Isaac Asimov Presents The Great SF Stories 3
- First edition cover
- Editors: Isaac Asimov Martin H. Greenberg
- Cover artist: Jack Gaughan
- Language: English
- Series: Isaac Asimov Presents The Great SF Stories
- Genre: Science fiction
- Publisher: DAW Books
- Publication date: March 1980
- Publication place: United States
- Media type: Print (hardback & paperback)
- Preceded by: Isaac Asimov Presents The Great SF Stories 2 (1940)
- Followed by: Isaac Asimov Presents The Great SF Stories 4 (1942)

= Isaac Asimov Presents The Great SF Stories 3 (1941) =

1980 collection of short stories edited by Isaac Asimov and Martin H. Greenberg

Isaac Asimov Presents The Great SF Stories 3 (1941) is an English language collection of science fiction short stories, edited by Isaac Asimov and Martin H. Greenberg. The series attempts to list the great science fiction stories from the Golden Age of Science Fiction. They date the Golden Age as beginning in 1939 and lasting until 1963. The book was later reprinted as the first half of Isaac Asimov Presents The Golden Years of Science Fiction, Second Series with the second half being Isaac Asimov Presents The Great SF Stories 4 (1942).

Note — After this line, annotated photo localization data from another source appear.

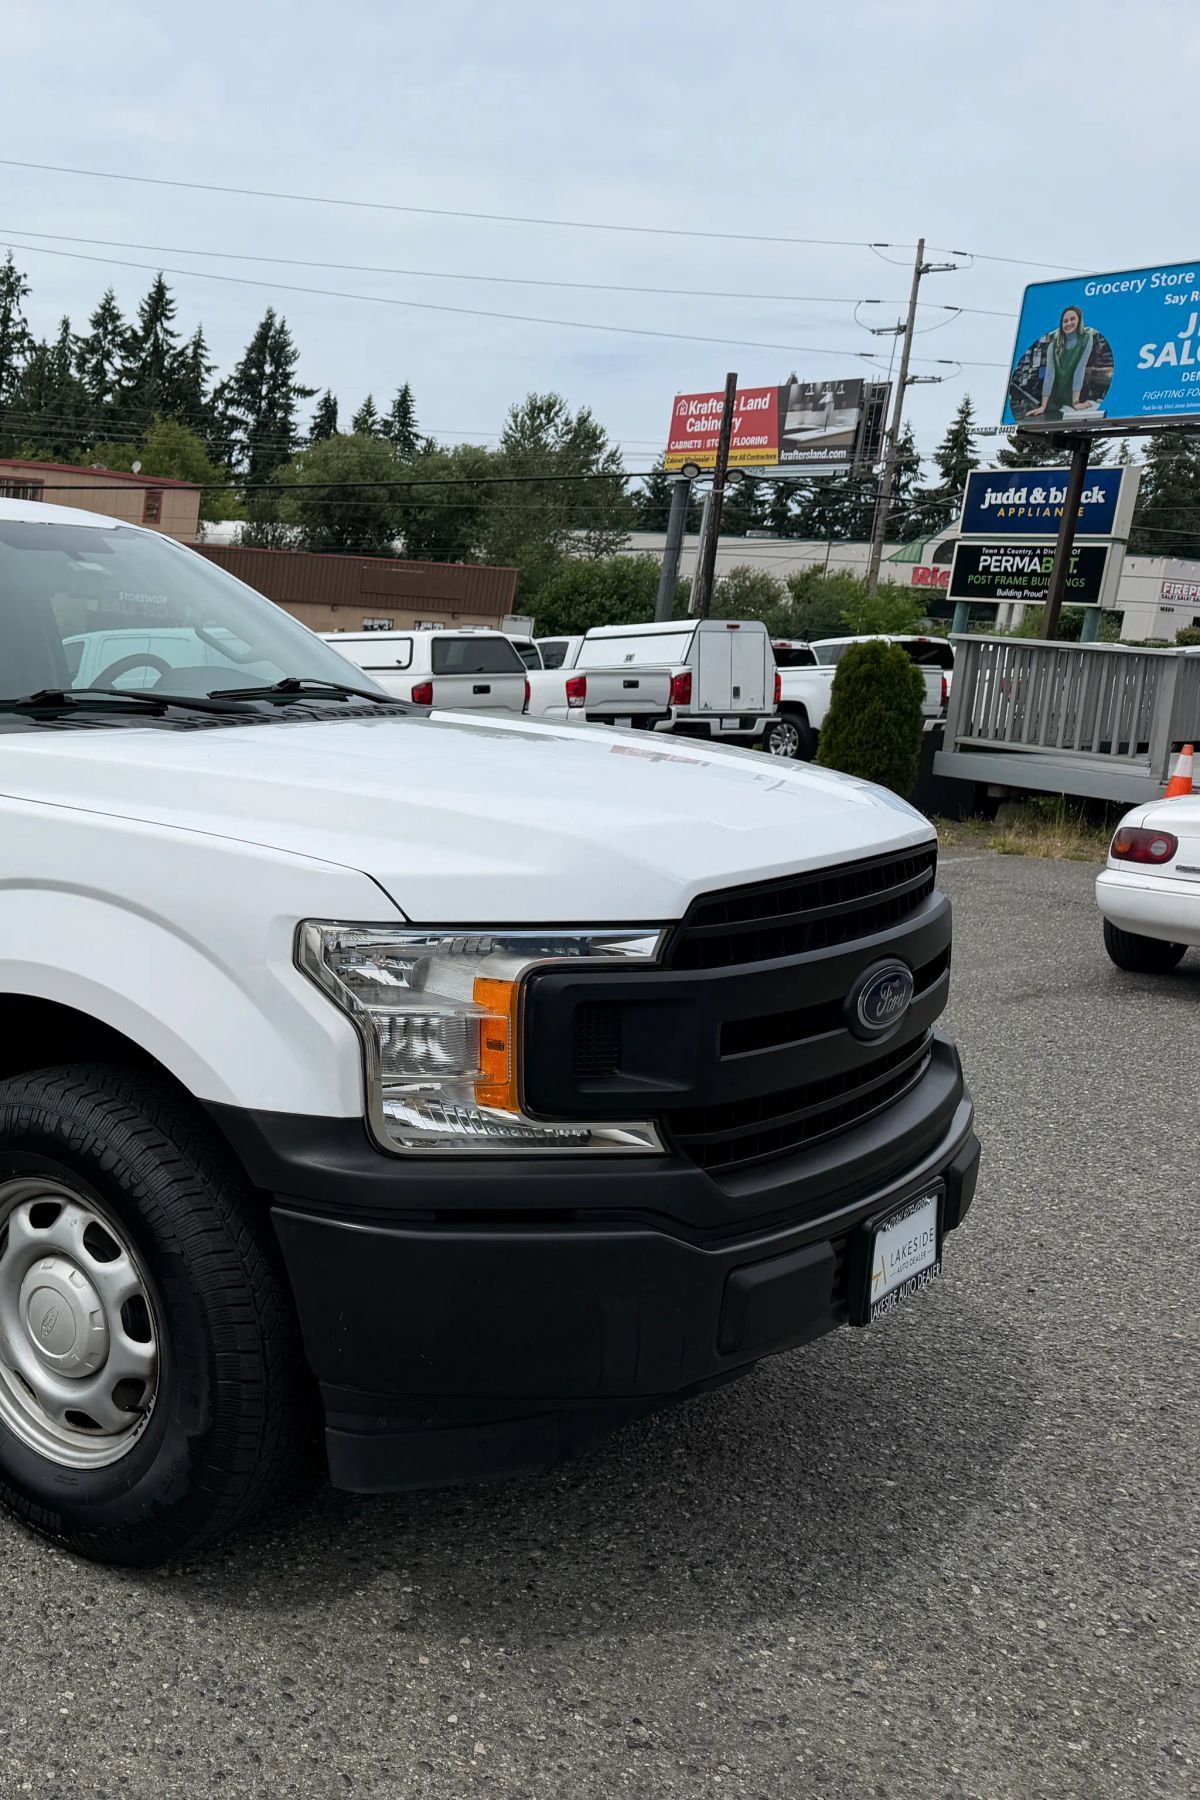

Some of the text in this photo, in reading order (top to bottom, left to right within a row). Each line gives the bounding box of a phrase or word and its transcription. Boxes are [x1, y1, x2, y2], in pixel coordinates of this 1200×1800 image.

[1084, 272, 1195, 297] Grocery Store
[1164, 293, 1188, 305] Say
[1137, 340, 1200, 369] SAL
[1142, 387, 1200, 400] FIGHTING FO
[688, 393, 771, 415] Kraftes Land
[670, 436, 768, 449] CABINETS STO FLOORING
[780, 448, 847, 461] kraftersland.com
[980, 485, 1106, 509] judd & blck
[997, 506, 1085, 518] APPLIANE
[1006, 548, 1034, 556] Country,
[911, 566, 951, 586] Ric
[968, 575, 1086, 588] POST FRAME BUILNGS
[996, 588, 1022, 599] Building
[876, 979, 907, 1017] Ford
[890, 1227, 934, 1267] LAKESIDE
[896, 1250, 927, 1275] AUTO DEALER
[870, 1263, 941, 1321] LAKESIDE AUTO DEALER

This volume was originally published by DAW books in March 1980.

== Contents==
- "Mechanical Mice" by Maurice A. Hugi
- "Shottle Bop" by Theodore Sturgeon
- "The Rocket of 1955" by C. M. Kornbluth
- "Evolution's End" by Robert Arthur
- "Microcosmic God" by Theodore Sturgeon
- "Jay Score" by Eric Frank Russell
- "Liar!" by Isaac Asimov
- "Time Wants a Skeleton" by Ross Rocklynne
- "The Words of Guru" by C. M. Kornbluth
- "The Seesaw" by A. E. van Vogt
- "Armageddon" by Fredric Brown
- "Adam and No Eve" by Alfred Bester
- "Solar Plexus" by James Blish
- "Nightfall" by Isaac Asimov
- "A Gnome There Was" by Henry Kuttner and C. L. Moore
- "Snulbug" by Anthony Boucher
- "Hereafter, Inc." by Lester del Rey

Five additional stories by Robert A. Heinlein were intended to be printed in this volume, however arrangements for their use could not be made. Martin Greenberg and Isaac Asimov's notes for each are included where the stories would have appeared.